Оглоблин налил все три рюмки, взял одну, стукнул ею по краям двух других, потом крикнул:
– Сторонись, душа, оболью!
И выпил. Широкою ладонью обтер губы, зацепил на ложечку брусники и сказал:
– Ну, господа, что ж вы? Не отставайте. Гомзин выпил, сделал такое лицо, как будто проглотил гадость, и пробурчал:
– Этакий сиволдай!
Он потянулся за брусникою.
– Вы не понимаете? – сказал Шестов. – Он в моей квартире вел себя безобразно. Я ему это и написал.
– Нет, позвольте, – сердито возразил Гомзин, – вы должны сказать, чем вы оскорбились. Иначе, помилуйте, что же это будет?
– Да, конечно, – сказал Оглоблин, – нам надо знать, мы все-таки по поручению… ну, и все такое. А то что ж пороть горячку из-за пустяков.

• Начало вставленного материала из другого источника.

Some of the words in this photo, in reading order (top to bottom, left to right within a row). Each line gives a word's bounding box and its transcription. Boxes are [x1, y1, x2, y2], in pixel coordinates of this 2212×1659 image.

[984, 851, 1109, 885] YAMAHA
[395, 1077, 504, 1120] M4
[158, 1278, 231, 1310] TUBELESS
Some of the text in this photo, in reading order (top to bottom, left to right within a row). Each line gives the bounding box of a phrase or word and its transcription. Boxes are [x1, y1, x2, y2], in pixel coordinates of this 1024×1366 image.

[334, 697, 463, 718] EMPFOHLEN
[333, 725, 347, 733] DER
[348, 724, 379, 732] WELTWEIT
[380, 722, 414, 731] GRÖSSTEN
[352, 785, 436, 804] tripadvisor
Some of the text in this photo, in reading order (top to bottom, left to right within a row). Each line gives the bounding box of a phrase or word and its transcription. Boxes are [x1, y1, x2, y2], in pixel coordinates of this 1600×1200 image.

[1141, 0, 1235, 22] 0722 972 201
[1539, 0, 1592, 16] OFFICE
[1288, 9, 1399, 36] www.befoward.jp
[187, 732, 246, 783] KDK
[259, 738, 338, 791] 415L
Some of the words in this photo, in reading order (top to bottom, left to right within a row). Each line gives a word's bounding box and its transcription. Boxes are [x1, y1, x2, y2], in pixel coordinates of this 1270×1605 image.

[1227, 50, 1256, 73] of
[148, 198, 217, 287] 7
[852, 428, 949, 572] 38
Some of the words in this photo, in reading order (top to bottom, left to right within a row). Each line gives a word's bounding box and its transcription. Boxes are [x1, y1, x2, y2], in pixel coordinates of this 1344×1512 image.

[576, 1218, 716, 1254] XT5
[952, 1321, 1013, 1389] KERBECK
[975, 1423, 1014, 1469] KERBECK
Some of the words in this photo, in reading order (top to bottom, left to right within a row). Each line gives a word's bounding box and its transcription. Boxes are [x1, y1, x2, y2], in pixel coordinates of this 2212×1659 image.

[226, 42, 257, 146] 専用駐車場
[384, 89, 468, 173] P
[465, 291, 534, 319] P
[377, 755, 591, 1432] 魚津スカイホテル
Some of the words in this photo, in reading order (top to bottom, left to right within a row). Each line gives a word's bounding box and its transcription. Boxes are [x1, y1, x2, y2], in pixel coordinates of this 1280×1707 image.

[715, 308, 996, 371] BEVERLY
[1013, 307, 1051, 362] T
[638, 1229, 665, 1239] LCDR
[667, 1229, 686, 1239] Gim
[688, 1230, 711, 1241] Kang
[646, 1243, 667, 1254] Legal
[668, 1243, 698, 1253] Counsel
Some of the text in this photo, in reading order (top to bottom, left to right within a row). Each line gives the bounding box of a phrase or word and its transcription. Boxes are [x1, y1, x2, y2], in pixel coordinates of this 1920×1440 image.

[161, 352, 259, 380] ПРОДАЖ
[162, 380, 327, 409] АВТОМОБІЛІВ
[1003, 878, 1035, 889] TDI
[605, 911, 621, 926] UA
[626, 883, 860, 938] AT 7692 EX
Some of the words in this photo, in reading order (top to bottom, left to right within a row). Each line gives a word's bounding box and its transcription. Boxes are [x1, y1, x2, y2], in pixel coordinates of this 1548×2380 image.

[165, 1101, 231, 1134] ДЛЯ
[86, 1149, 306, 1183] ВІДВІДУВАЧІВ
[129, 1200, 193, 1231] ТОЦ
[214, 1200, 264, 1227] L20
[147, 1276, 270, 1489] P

– Да вы какое именно поручение имеете? – досадливо спросил Шестов.
– Да вот, – объяснил Гомзин, – Алексей Иваныч очень раздражен и желает получить от вас объяснение письма.
– Какое ж ему объяснение? Ведь он оскорбил, а не я.
– Да что тут валандаться! – решительно сказал Оглоблин. – Вы на дуэль вызываете?
«А что, – подумал Шестов, – желаю ли я с ним драться, с этим?.. Фи, гадость какая!»
Брезгливо поморщился и ответил:
– Это, кажется, понятно. Уж это от него зависит принять вызов, или извиниться, или еще что выбрать.